ASSIGNED TASK:
Please reproduce the entire listing, character for character.

DATA SHOWN:
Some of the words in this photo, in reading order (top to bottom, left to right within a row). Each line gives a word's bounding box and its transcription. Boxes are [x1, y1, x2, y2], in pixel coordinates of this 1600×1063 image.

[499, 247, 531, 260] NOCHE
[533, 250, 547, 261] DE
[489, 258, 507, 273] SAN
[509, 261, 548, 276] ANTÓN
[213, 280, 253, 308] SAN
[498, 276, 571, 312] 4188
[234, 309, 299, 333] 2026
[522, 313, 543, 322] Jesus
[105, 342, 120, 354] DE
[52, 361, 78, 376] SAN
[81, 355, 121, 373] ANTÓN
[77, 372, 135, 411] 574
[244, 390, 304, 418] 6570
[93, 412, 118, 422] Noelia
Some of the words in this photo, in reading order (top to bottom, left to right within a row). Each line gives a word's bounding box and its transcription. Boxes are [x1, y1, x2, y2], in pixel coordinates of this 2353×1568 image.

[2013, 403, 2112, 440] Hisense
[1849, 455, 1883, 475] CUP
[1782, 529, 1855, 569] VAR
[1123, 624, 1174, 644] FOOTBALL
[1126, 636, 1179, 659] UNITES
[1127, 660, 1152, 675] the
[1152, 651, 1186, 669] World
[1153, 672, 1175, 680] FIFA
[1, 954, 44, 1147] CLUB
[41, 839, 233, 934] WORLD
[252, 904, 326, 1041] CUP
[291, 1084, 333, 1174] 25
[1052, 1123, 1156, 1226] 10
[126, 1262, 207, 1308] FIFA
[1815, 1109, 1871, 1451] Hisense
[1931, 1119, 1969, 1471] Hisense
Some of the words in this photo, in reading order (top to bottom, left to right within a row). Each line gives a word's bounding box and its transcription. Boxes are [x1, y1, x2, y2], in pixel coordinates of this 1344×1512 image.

OUTPUT FOR THIS EXERCISE:
Some of the words in this photo, in reading order (top to bottom, left to right within a row). Each line gives a word's bounding box and its transcription. Boxes are [x1, y1, x2, y2], in pixel coordinates of this 1600×1063 image.

[499, 247, 531, 260] NOCHE
[533, 250, 547, 261] DE
[489, 258, 507, 273] SAN
[509, 261, 548, 276] ANTÓN
[213, 280, 253, 308] SAN
[498, 276, 571, 312] 4188
[234, 309, 299, 333] 2026
[522, 313, 543, 322] Jesus
[105, 342, 120, 354] DE
[52, 361, 78, 376] SAN
[81, 355, 121, 373] ANTÓN
[77, 372, 135, 411] 574
[244, 390, 304, 418] 6570
[93, 412, 118, 422] Noelia
Some of the words in this photo, in reading order (top to bottom, left to right within a row). Each line gives a word's bounding box and its transcription. Boxes are [x1, y1, x2, y2], in pixel coordinates of this 2353×1568 image.

[2013, 403, 2112, 440] Hisense
[1849, 455, 1883, 475] CUP
[1782, 529, 1855, 569] VAR
[1123, 624, 1174, 644] FOOTBALL
[1126, 636, 1179, 659] UNITES
[1127, 660, 1152, 675] the
[1152, 651, 1186, 669] World
[1153, 672, 1175, 680] FIFA
[1, 954, 44, 1147] CLUB
[41, 839, 233, 934] WORLD
[252, 904, 326, 1041] CUP
[291, 1084, 333, 1174] 25
[1052, 1123, 1156, 1226] 10
[126, 1262, 207, 1308] FIFA
[1815, 1109, 1871, 1451] Hisense
[1931, 1119, 1969, 1471] Hisense
Some of the words in this photo, in reading order (top to bottom, left to right within a row). Each line gives a word's bounding box and its transcription. Boxes are [x1, y1, x2, y2], in pixel coordinates of this 1344×1512 image.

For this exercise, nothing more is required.